Image-backed grounding data
◆ ◆ ◆ ◆ ◆ ◆ ◆
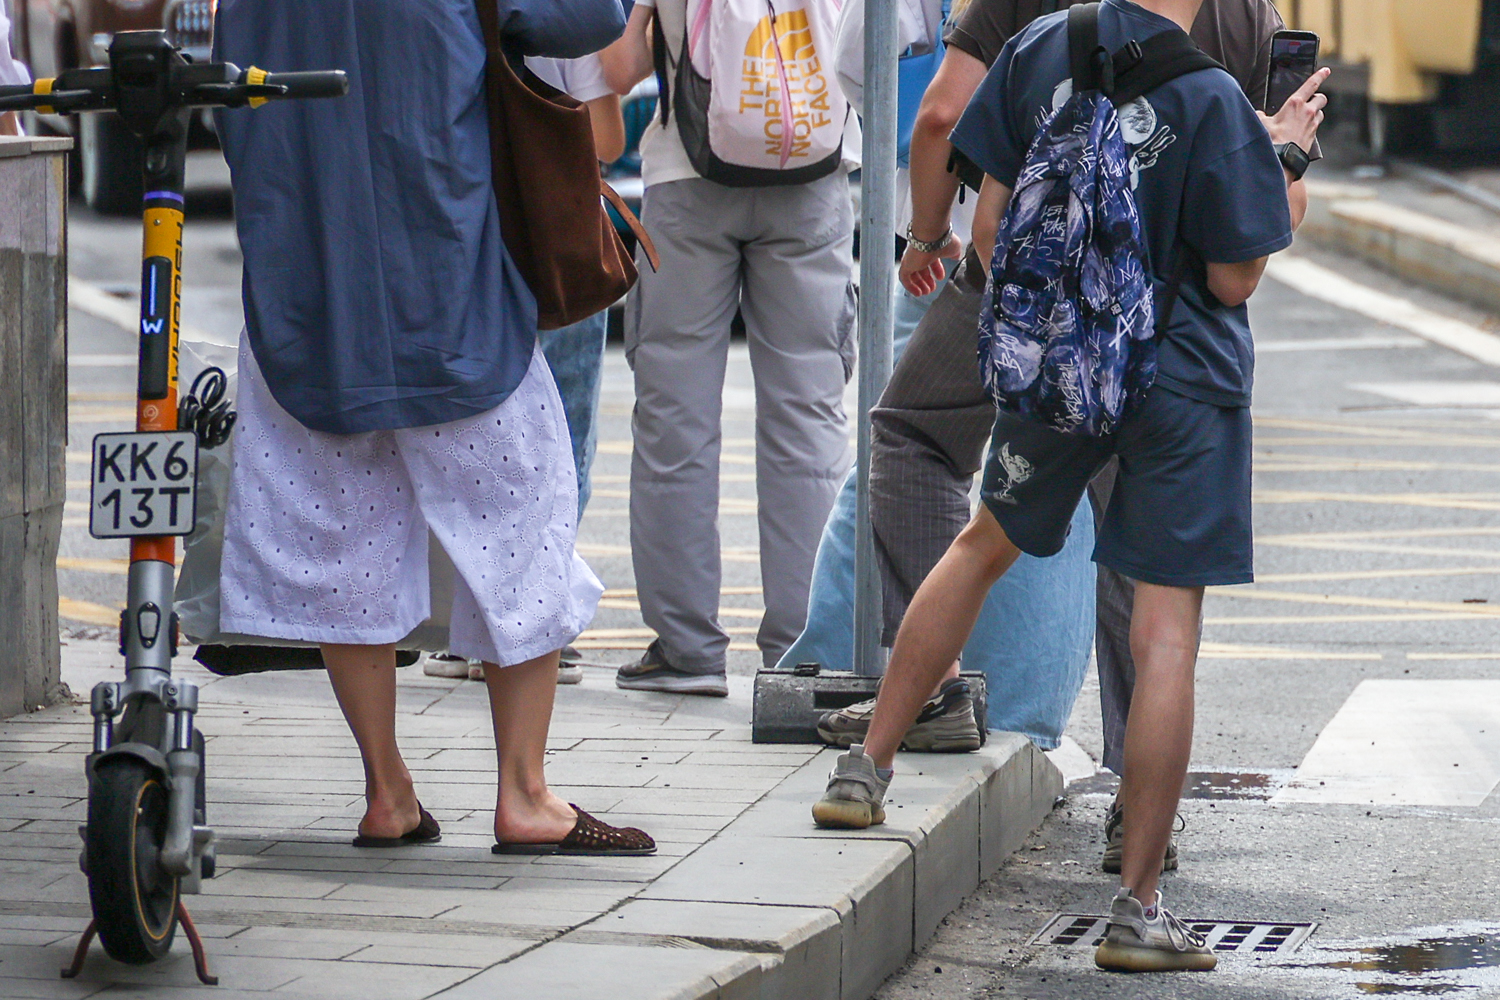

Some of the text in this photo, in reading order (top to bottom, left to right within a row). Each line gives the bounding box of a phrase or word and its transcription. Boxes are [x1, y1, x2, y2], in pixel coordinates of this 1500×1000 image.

[739, 59, 764, 113] THE
[801, 56, 831, 129] FACE
[101, 487, 190, 529] 13T
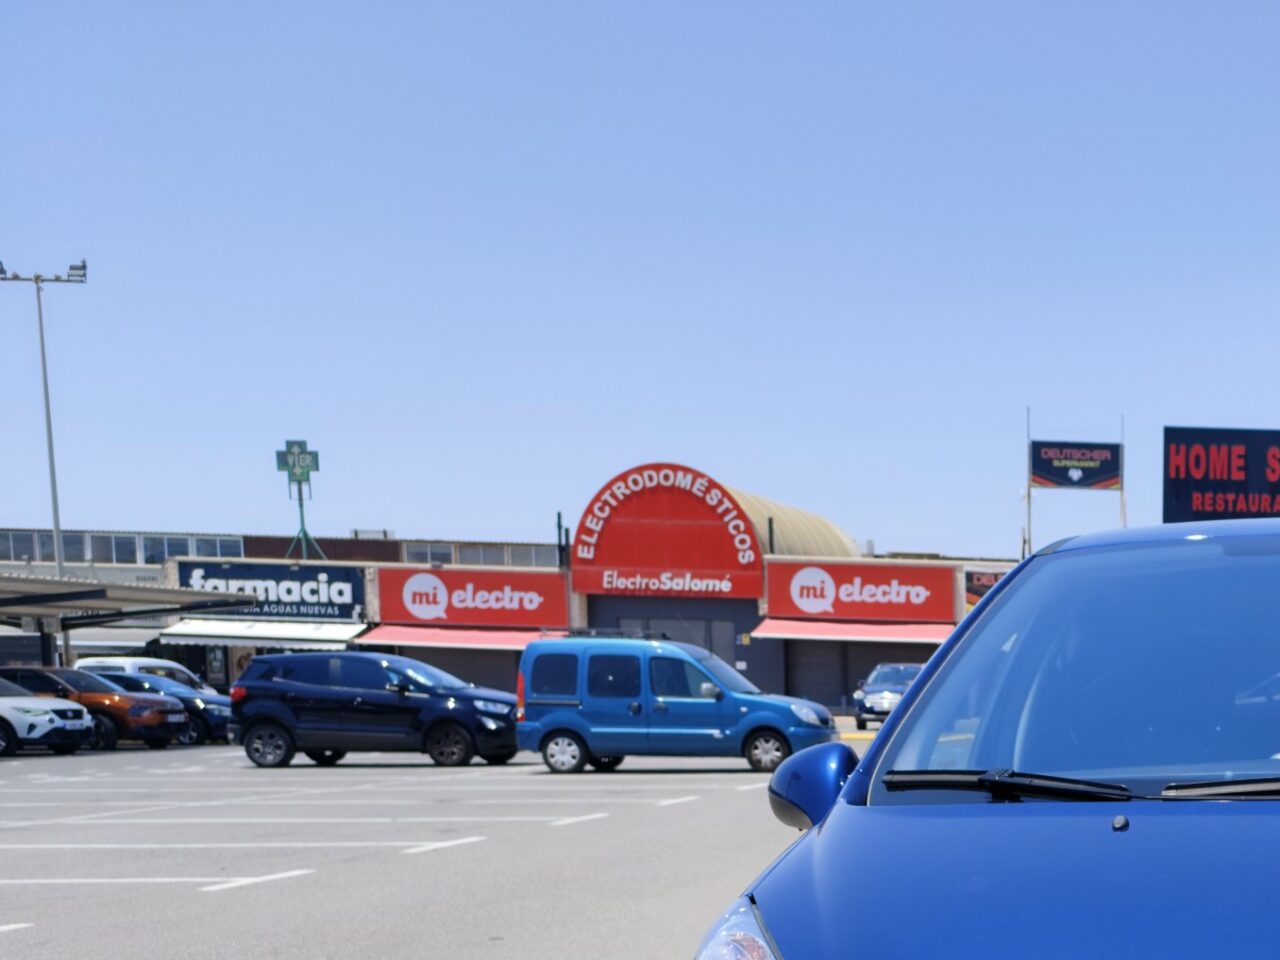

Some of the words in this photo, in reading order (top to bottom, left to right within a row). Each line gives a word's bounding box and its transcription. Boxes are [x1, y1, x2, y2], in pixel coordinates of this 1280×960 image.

[1041, 448, 1111, 460] DEUTSCHER
[1168, 444, 1246, 480] HOME
[577, 469, 755, 565] ELECTRODOMÉSTICOS
[189, 568, 353, 604] farmacia
[603, 570, 732, 592] ElectroSalomé
[800, 580, 827, 599] mi
[838, 576, 931, 605] electro
[263, 604, 297, 614] AGUAS
[300, 605, 339, 616] NUEVAS
[411, 586, 440, 605] mi
[451, 582, 544, 610] electro
◆ ◆ ◆ ◆ ◆ ◆ ◆
> _ABOUT THIS TASK_
Each record should be printed again precisely, though not its pictures.

> _TASK OUTPUT_
Some of the text in this photo, in reading order (top to bottom, left to right within a row). Each line gives the bounding box of a phrase or word and its transcription. Boxes are [x1, y1, x2, y2], in pixel coordinates of this 1500×1000 image.

[739, 59, 764, 113] THE
[801, 56, 831, 129] FACE
[101, 487, 190, 529] 13T

Some of the words in this photo, in reading order (top to bottom, left to right within a row). Each line gives a word's bounding box and its transcription. Boxes are [x1, y1, x2, y2], in pixel coordinates of this 1280×960 image.

[1041, 448, 1111, 460] DEUTSCHER
[1168, 444, 1246, 480] HOME
[577, 469, 755, 565] ELECTRODOMÉSTICOS
[189, 568, 353, 604] farmacia
[603, 570, 732, 592] ElectroSalomé
[800, 580, 827, 599] mi
[838, 576, 931, 605] electro
[263, 604, 297, 614] AGUAS
[300, 605, 339, 616] NUEVAS
[411, 586, 440, 605] mi
[451, 582, 544, 610] electro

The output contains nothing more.